[Images for object localization]
________

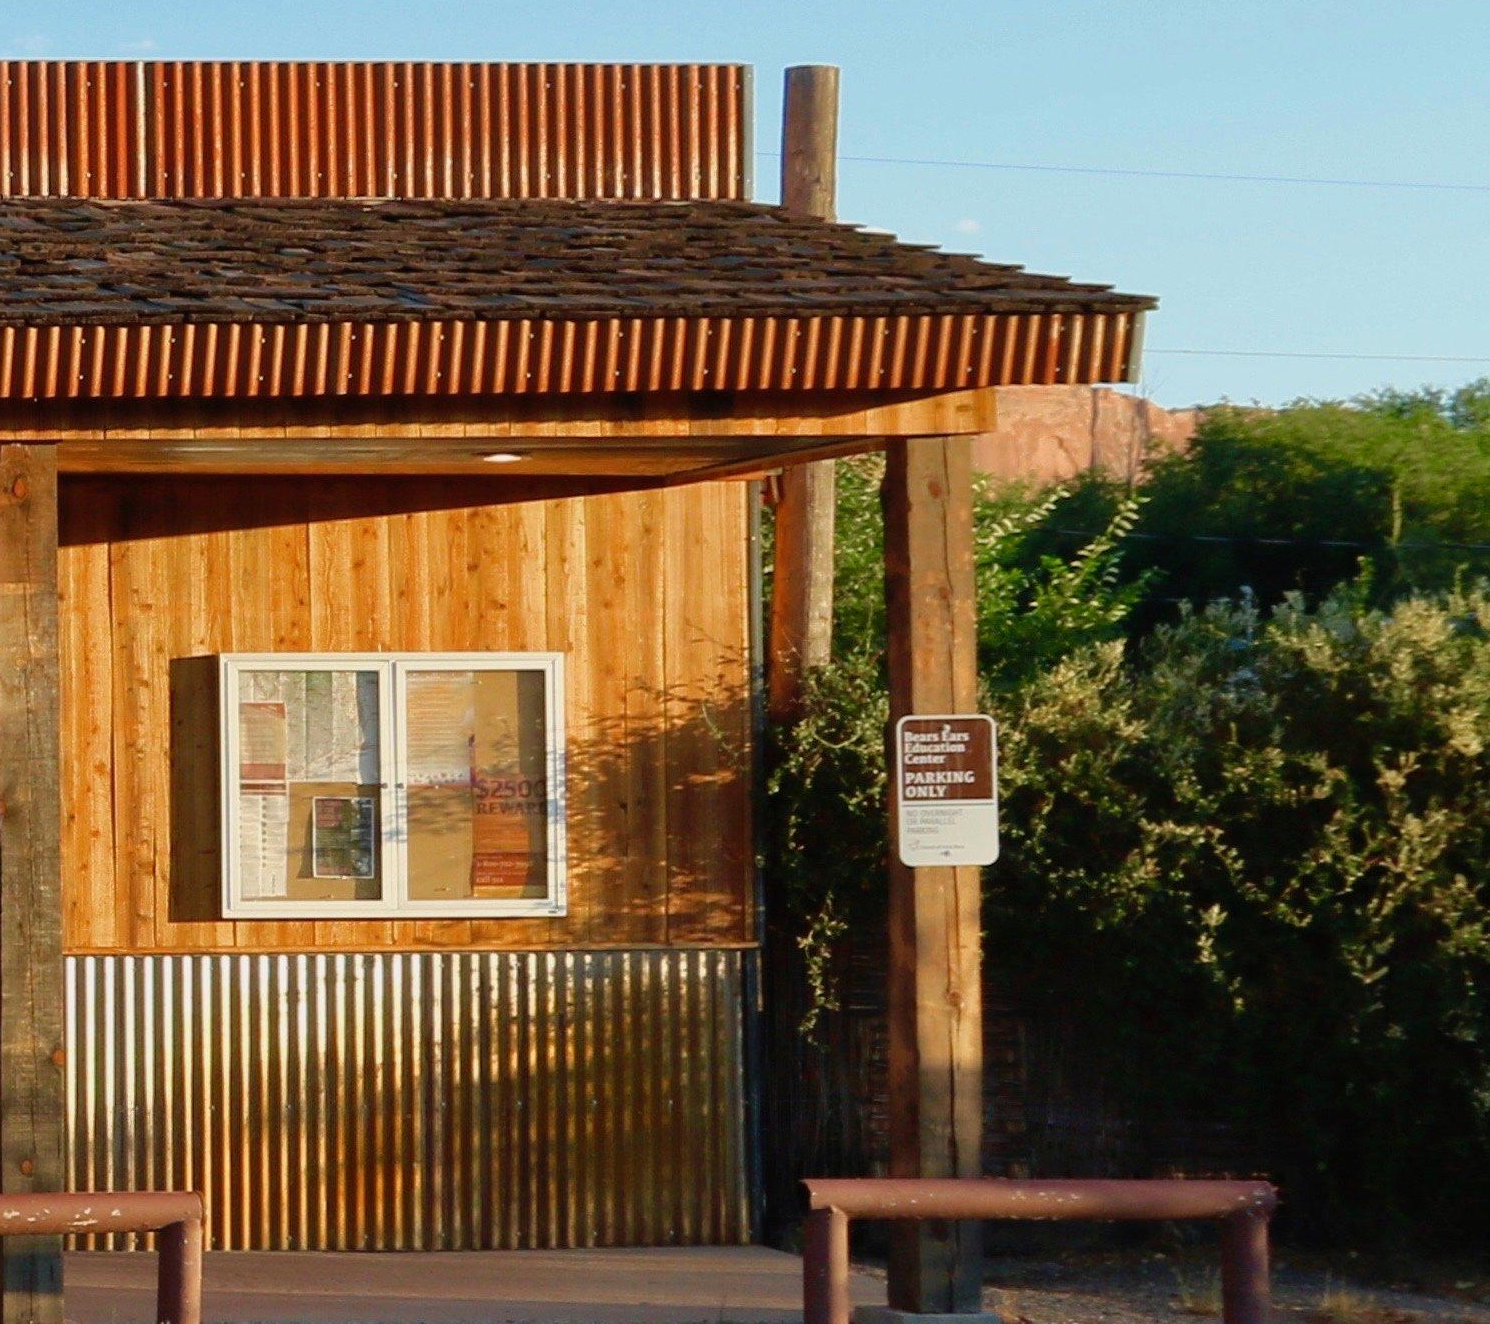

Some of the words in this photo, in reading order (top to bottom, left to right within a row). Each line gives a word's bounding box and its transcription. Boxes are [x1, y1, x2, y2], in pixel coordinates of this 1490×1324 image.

[904, 731, 938, 742] Bears
[942, 732, 969, 742] Ears
[904, 743, 966, 753] Education
[904, 754, 946, 764] Center
[905, 771, 975, 783] PARKING
[905, 786, 947, 797] ONLY
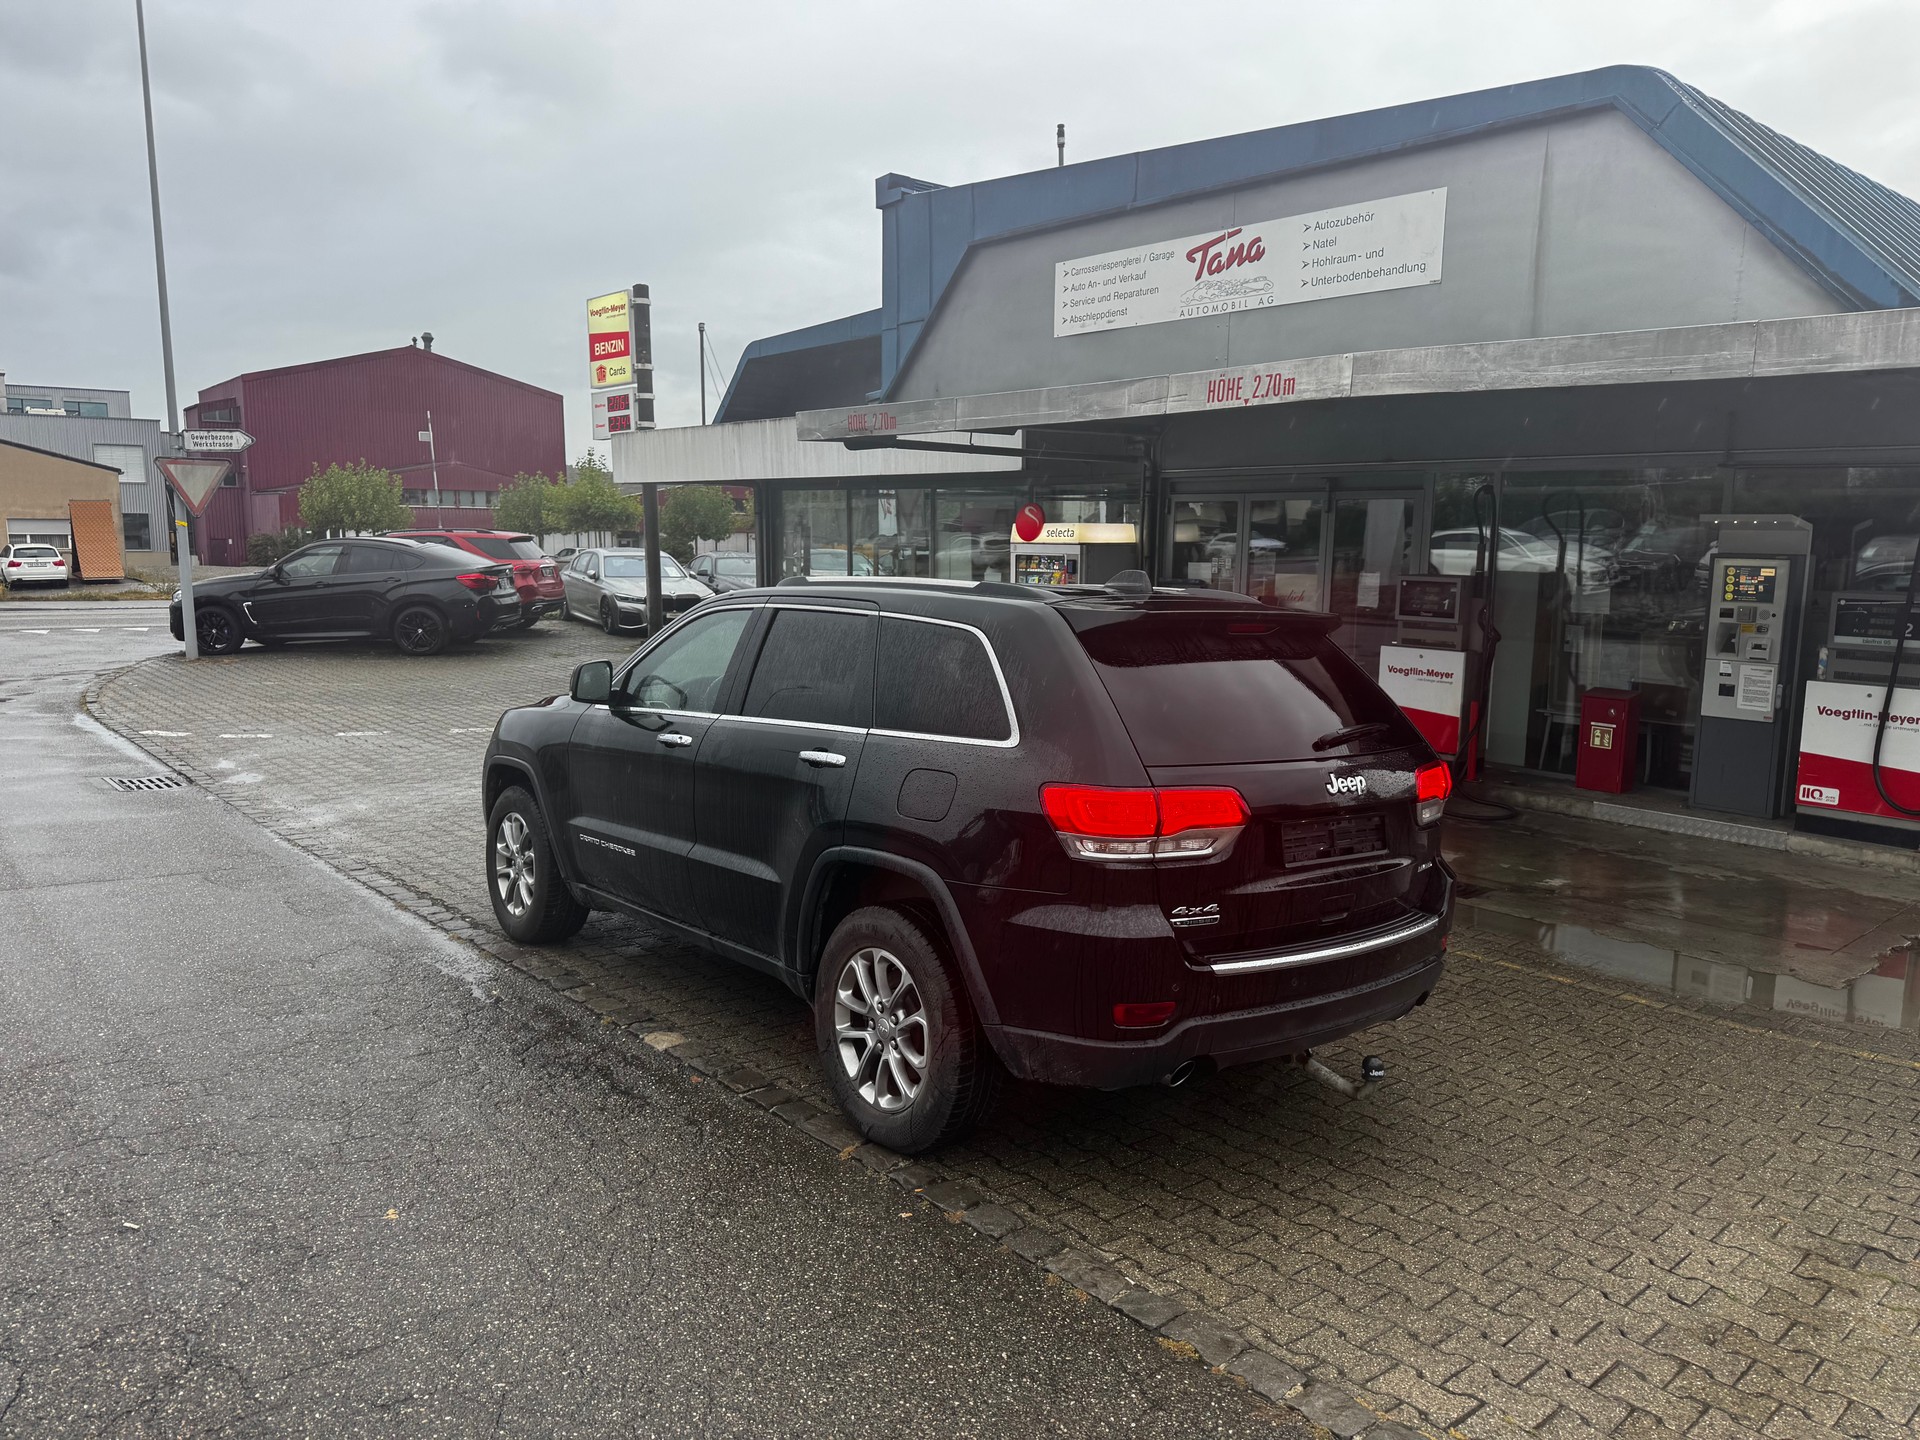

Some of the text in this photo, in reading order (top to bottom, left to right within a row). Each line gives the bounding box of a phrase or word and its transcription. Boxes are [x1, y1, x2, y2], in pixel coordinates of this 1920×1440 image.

[1313, 211, 1375, 231] Autozubehör
[1312, 236, 1337, 250] Natel
[1070, 256, 1142, 277] Carrosseriespenglerei
[1149, 250, 1175, 262] Garage
[1185, 227, 1266, 282] Tana
[1311, 247, 1385, 268] Hohlraum- und
[1070, 270, 1147, 293] Auto An- und Verkauf
[1310, 262, 1427, 287] Unterbodenbehandlung
[1069, 286, 1159, 308] Service und Reparaturen
[1179, 295, 1274, 318] AUTOMOBIL AG
[1069, 307, 1128, 324] Abschleppdienst
[594, 338, 625, 356] BENZIN
[609, 366, 626, 377] Cards
[1206, 373, 1244, 404] HÖHE
[192, 440, 233, 448] Werkstrasse
[1046, 527, 1075, 538] selecta
[1442, 598, 1449, 610] 1
[1904, 622, 1914, 637] 2
[1387, 664, 1455, 679] Voegtlin-Meyer
[1326, 772, 1367, 796] Jeep
[1171, 903, 1220, 915] 4x4
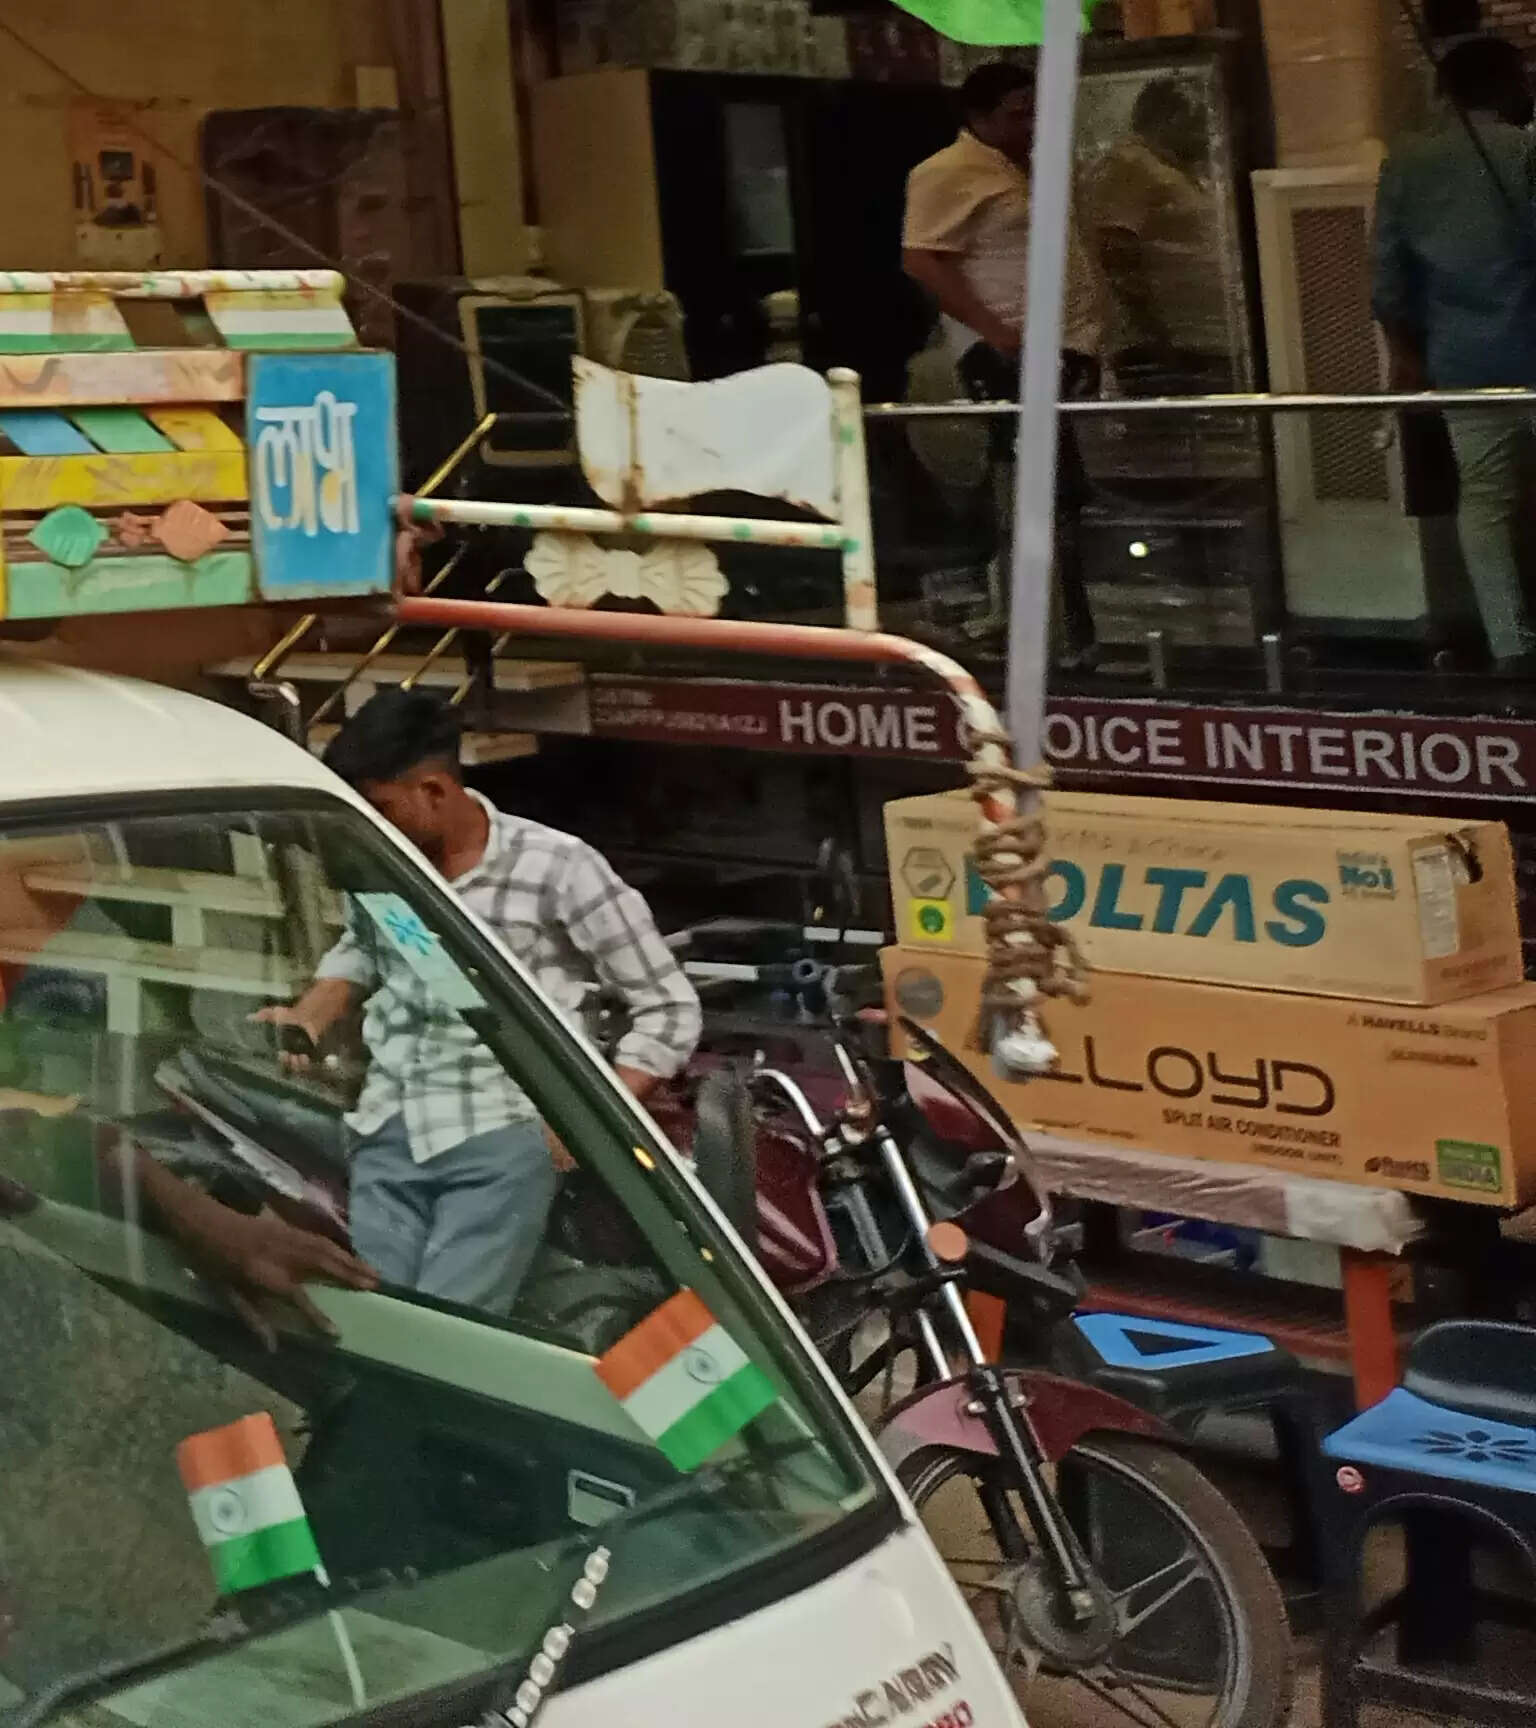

________

Write out the entries word for word. Skip the pictures.

Some of the words in this photo, in reading order (top to bottom, left to right within a row). Each line gives a word's bounding box and its transcription. Boxes are [x1, y1, x2, y2], in pixel coordinates of this 1490×1324 image.

[904, 731, 938, 742] Bears
[942, 732, 969, 742] Ears
[904, 743, 966, 753] Education
[904, 754, 946, 764] Center
[905, 771, 975, 783] PARKING
[905, 786, 947, 797] ONLY

Some of the text in this photo, in reading order (top to bottom, left to right within a row). Each line gives the bounding box of a phrase or word and its transcription. Boxes are [x1, y1, x2, y2], in pixel coordinates of this 1920×1440 image.

[1313, 211, 1375, 231] Autozubehör
[1312, 236, 1337, 250] Natel
[1070, 256, 1142, 277] Carrosseriespenglerei
[1149, 250, 1175, 262] Garage
[1185, 227, 1266, 282] Tana
[1311, 247, 1385, 268] Hohlraum- und
[1070, 270, 1147, 293] Auto An- und Verkauf
[1310, 262, 1427, 287] Unterbodenbehandlung
[1069, 286, 1159, 308] Service und Reparaturen
[1179, 295, 1274, 318] AUTOMOBIL AG
[1069, 307, 1128, 324] Abschleppdienst
[594, 338, 625, 356] BENZIN
[609, 366, 626, 377] Cards
[1206, 373, 1244, 404] HÖHE
[192, 440, 233, 448] Werkstrasse
[1046, 527, 1075, 538] selecta
[1442, 598, 1449, 610] 1
[1904, 622, 1914, 637] 2
[1387, 664, 1455, 679] Voegtlin-Meyer
[1326, 772, 1367, 796] Jeep
[1171, 903, 1220, 915] 4x4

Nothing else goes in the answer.